## [Required action]
Would you extract the whole listing below and retype it exactly?

## [Data]

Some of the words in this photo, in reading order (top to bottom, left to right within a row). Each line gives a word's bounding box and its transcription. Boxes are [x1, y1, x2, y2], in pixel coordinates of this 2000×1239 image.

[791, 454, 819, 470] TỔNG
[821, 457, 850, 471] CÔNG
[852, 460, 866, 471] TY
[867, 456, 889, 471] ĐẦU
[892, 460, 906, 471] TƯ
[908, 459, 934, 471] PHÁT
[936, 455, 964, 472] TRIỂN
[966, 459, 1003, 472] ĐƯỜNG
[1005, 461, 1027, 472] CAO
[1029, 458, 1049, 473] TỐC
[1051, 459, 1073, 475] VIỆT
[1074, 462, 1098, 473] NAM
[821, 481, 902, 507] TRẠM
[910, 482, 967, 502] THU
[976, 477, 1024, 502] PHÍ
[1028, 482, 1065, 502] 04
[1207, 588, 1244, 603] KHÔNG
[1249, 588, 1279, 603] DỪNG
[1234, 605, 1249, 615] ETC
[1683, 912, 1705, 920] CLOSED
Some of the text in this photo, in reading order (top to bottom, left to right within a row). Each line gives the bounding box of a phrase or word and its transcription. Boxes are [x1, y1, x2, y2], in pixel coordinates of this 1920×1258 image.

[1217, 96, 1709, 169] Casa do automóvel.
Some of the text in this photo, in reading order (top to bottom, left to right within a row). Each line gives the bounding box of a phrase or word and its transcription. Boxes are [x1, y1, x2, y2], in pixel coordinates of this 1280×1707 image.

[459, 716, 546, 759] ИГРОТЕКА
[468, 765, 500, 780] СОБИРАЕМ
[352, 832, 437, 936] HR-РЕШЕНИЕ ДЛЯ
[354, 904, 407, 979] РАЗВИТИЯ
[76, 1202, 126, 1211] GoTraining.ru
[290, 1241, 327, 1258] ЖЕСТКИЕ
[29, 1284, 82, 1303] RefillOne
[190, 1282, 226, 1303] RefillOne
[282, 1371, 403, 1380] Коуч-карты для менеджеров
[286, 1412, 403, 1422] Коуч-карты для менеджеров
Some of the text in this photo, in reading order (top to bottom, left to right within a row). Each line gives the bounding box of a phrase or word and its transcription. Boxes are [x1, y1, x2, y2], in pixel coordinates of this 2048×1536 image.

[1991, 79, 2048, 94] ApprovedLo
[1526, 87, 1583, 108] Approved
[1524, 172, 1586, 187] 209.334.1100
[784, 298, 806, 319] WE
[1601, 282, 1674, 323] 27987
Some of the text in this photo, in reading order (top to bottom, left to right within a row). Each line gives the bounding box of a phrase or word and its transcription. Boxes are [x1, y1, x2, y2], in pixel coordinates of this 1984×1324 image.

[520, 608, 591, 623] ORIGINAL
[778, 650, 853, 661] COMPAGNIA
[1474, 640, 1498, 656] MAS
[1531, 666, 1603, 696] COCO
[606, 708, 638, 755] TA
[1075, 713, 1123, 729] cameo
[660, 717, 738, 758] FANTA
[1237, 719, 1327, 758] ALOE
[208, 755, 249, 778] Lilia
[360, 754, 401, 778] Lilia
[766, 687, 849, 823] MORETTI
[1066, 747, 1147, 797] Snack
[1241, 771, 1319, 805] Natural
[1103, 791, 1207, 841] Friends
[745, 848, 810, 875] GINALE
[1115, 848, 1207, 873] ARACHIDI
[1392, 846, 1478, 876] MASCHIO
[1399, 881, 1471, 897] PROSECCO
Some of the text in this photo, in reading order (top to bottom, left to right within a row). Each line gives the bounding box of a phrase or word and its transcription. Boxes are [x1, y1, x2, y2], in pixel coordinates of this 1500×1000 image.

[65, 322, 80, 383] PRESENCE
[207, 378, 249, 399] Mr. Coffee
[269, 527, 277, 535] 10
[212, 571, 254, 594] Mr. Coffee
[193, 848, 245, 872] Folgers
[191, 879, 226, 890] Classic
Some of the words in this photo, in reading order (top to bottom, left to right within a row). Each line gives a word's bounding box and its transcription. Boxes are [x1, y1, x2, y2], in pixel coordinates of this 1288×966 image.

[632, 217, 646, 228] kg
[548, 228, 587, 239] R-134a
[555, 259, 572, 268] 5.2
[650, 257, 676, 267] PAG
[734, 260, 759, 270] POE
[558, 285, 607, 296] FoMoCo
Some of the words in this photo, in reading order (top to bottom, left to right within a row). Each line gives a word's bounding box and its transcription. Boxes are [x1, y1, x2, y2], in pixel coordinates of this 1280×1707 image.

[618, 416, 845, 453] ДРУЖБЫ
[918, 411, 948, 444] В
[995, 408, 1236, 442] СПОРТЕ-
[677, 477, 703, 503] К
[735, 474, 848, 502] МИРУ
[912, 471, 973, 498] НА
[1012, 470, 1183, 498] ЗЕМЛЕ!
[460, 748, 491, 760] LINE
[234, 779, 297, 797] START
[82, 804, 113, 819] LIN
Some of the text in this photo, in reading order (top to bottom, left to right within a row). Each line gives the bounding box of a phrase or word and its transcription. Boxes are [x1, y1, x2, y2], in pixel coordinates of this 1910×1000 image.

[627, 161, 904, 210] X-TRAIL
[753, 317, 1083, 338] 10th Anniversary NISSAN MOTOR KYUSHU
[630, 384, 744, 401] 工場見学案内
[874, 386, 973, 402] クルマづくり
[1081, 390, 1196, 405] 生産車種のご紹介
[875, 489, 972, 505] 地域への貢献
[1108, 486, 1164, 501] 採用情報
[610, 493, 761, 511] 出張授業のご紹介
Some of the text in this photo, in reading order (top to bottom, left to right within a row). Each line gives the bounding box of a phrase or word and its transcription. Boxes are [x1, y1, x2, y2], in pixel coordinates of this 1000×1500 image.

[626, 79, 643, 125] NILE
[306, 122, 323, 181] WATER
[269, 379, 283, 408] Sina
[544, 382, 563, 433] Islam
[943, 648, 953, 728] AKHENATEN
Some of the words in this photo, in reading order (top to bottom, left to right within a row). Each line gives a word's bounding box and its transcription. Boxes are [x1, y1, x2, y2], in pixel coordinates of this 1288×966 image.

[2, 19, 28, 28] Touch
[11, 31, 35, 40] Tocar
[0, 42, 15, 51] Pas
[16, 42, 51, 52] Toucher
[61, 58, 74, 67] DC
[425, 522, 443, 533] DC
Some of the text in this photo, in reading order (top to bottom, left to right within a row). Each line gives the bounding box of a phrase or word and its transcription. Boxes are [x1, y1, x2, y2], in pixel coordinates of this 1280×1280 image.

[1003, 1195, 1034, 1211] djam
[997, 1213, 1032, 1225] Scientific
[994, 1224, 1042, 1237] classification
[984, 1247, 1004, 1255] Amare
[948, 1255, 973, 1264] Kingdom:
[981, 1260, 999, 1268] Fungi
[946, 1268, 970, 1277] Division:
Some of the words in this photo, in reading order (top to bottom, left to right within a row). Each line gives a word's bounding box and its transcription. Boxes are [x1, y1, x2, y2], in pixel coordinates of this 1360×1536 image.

## [Response area]
Some of the words in this photo, in reading order (top to bottom, left to right within a row). Each line gives a word's bounding box and its transcription. Boxes are [x1, y1, x2, y2], in pixel coordinates of this 2000×1239 image.

[791, 454, 819, 470] TỔNG
[821, 457, 850, 471] CÔNG
[852, 460, 866, 471] TY
[867, 456, 889, 471] ĐẦU
[892, 460, 906, 471] TƯ
[908, 459, 934, 471] PHÁT
[936, 455, 964, 472] TRIỂN
[966, 459, 1003, 472] ĐƯỜNG
[1005, 461, 1027, 472] CAO
[1029, 458, 1049, 473] TỐC
[1051, 459, 1073, 475] VIỆT
[1074, 462, 1098, 473] NAM
[821, 481, 902, 507] TRẠM
[910, 482, 967, 502] THU
[976, 477, 1024, 502] PHÍ
[1028, 482, 1065, 502] 04
[1207, 588, 1244, 603] KHÔNG
[1249, 588, 1279, 603] DỪNG
[1234, 605, 1249, 615] ETC
[1683, 912, 1705, 920] CLOSED
Some of the text in this photo, in reading order (top to bottom, left to right within a row). Each line gives the bounding box of a phrase or word and its transcription. Boxes are [x1, y1, x2, y2], in pixel coordinates of this 1920×1258 image.

[1217, 96, 1709, 169] Casa do automóvel.
Some of the text in this photo, in reading order (top to bottom, left to right within a row). Each line gives the bounding box of a phrase or word and its transcription. Boxes are [x1, y1, x2, y2], in pixel coordinates of this 1280×1707 image.

[459, 716, 546, 759] ИГРОТЕКА
[468, 765, 500, 780] СОБИРАЕМ
[352, 832, 437, 936] HR-РЕШЕНИЕ ДЛЯ
[354, 904, 407, 979] РАЗВИТИЯ
[76, 1202, 126, 1211] GoTraining.ru
[290, 1241, 327, 1258] ЖЕСТКИЕ
[29, 1284, 82, 1303] RefillOne
[190, 1282, 226, 1303] RefillOne
[282, 1371, 403, 1380] Коуч-карты для менеджеров
[286, 1412, 403, 1422] Коуч-карты для менеджеров
Some of the text in this photo, in reading order (top to bottom, left to right within a row). Each line gives the bounding box of a phrase or word and its transcription. Boxes are [x1, y1, x2, y2], in pixel coordinates of this 2048×1536 image.

[1991, 79, 2048, 94] ApprovedLo
[1526, 87, 1583, 108] Approved
[1524, 172, 1586, 187] 209.334.1100
[784, 298, 806, 319] WE
[1601, 282, 1674, 323] 27987
Some of the text in this photo, in reading order (top to bottom, left to right within a row). Each line gives the bounding box of a phrase or word and its transcription. Boxes are [x1, y1, x2, y2], in pixel coordinates of this 1984×1324 image.

[520, 608, 591, 623] ORIGINAL
[778, 650, 853, 661] COMPAGNIA
[1474, 640, 1498, 656] MAS
[1531, 666, 1603, 696] COCO
[606, 708, 638, 755] TA
[1075, 713, 1123, 729] cameo
[660, 717, 738, 758] FANTA
[1237, 719, 1327, 758] ALOE
[208, 755, 249, 778] Lilia
[360, 754, 401, 778] Lilia
[766, 687, 849, 823] MORETTI
[1066, 747, 1147, 797] Snack
[1241, 771, 1319, 805] Natural
[1103, 791, 1207, 841] Friends
[745, 848, 810, 875] GINALE
[1115, 848, 1207, 873] ARACHIDI
[1392, 846, 1478, 876] MASCHIO
[1399, 881, 1471, 897] PROSECCO
Some of the text in this photo, in reading order (top to bottom, left to right within a row). Each line gives the bounding box of a phrase or word and its transcription. Boxes are [x1, y1, x2, y2], in pixel coordinates of this 1500×1000 image.

[65, 322, 80, 383] PRESENCE
[207, 378, 249, 399] Mr. Coffee
[269, 527, 277, 535] 10
[212, 571, 254, 594] Mr. Coffee
[193, 848, 245, 872] Folgers
[191, 879, 226, 890] Classic
Some of the words in this photo, in reading order (top to bottom, left to right within a row). Each line gives a word's bounding box and its transcription. Boxes are [x1, y1, x2, y2], in pixel coordinates of this 1288×966 image.

[632, 217, 646, 228] kg
[548, 228, 587, 239] R-134a
[555, 259, 572, 268] 5.2
[650, 257, 676, 267] PAG
[734, 260, 759, 270] POE
[558, 285, 607, 296] FoMoCo
Some of the words in this photo, in reading order (top to bottom, left to right within a row). Each line gives a word's bounding box and its transcription. Boxes are [x1, y1, x2, y2], in pixel coordinates of this 1280×1707 image.

[618, 416, 845, 453] ДРУЖБЫ
[918, 411, 948, 444] В
[995, 408, 1236, 442] СПОРТЕ-
[677, 477, 703, 503] К
[735, 474, 848, 502] МИРУ
[912, 471, 973, 498] НА
[1012, 470, 1183, 498] ЗЕМЛЕ!
[460, 748, 491, 760] LINE
[234, 779, 297, 797] START
[82, 804, 113, 819] LIN
Some of the text in this photo, in reading order (top to bottom, left to right within a row). Each line gives the bounding box of a phrase or word and its transcription. Boxes are [x1, y1, x2, y2], in pixel coordinates of this 1910×1000 image.

[627, 161, 904, 210] X-TRAIL
[753, 317, 1083, 338] 10th Anniversary NISSAN MOTOR KYUSHU
[630, 384, 744, 401] 工場見学案内
[874, 386, 973, 402] クルマづくり
[1081, 390, 1196, 405] 生産車種のご紹介
[875, 489, 972, 505] 地域への貢献
[1108, 486, 1164, 501] 採用情報
[610, 493, 761, 511] 出張授業のご紹介
Some of the text in this photo, in reading order (top to bottom, left to right within a row). Each line gives the bounding box of a phrase or word and its transcription. Boxes are [x1, y1, x2, y2], in pixel coordinates of this 1000×1500 image.

[626, 79, 643, 125] NILE
[306, 122, 323, 181] WATER
[269, 379, 283, 408] Sina
[544, 382, 563, 433] Islam
[943, 648, 953, 728] AKHENATEN
Some of the words in this photo, in reading order (top to bottom, left to right within a row). Each line gives a word's bounding box and its transcription. Boxes are [x1, y1, x2, y2], in pixel coordinates of this 1288×966 image.

[2, 19, 28, 28] Touch
[11, 31, 35, 40] Tocar
[0, 42, 15, 51] Pas
[16, 42, 51, 52] Toucher
[61, 58, 74, 67] DC
[425, 522, 443, 533] DC
Some of the text in this photo, in reading order (top to bottom, left to right within a row). Each line gives the bounding box of a phrase or word and its transcription. Boxes are [x1, y1, x2, y2], in pixel coordinates of this 1280×1280 image.

[1003, 1195, 1034, 1211] djam
[997, 1213, 1032, 1225] Scientific
[994, 1224, 1042, 1237] classification
[984, 1247, 1004, 1255] Amare
[948, 1255, 973, 1264] Kingdom:
[981, 1260, 999, 1268] Fungi
[946, 1268, 970, 1277] Division:
Some of the words in this photo, in reading order (top to bottom, left to right within a row). Each line gives a word's bounding box and its transcription. Boxes are [x1, y1, x2, y2], in pixel coordinates of this 1360×1536 image.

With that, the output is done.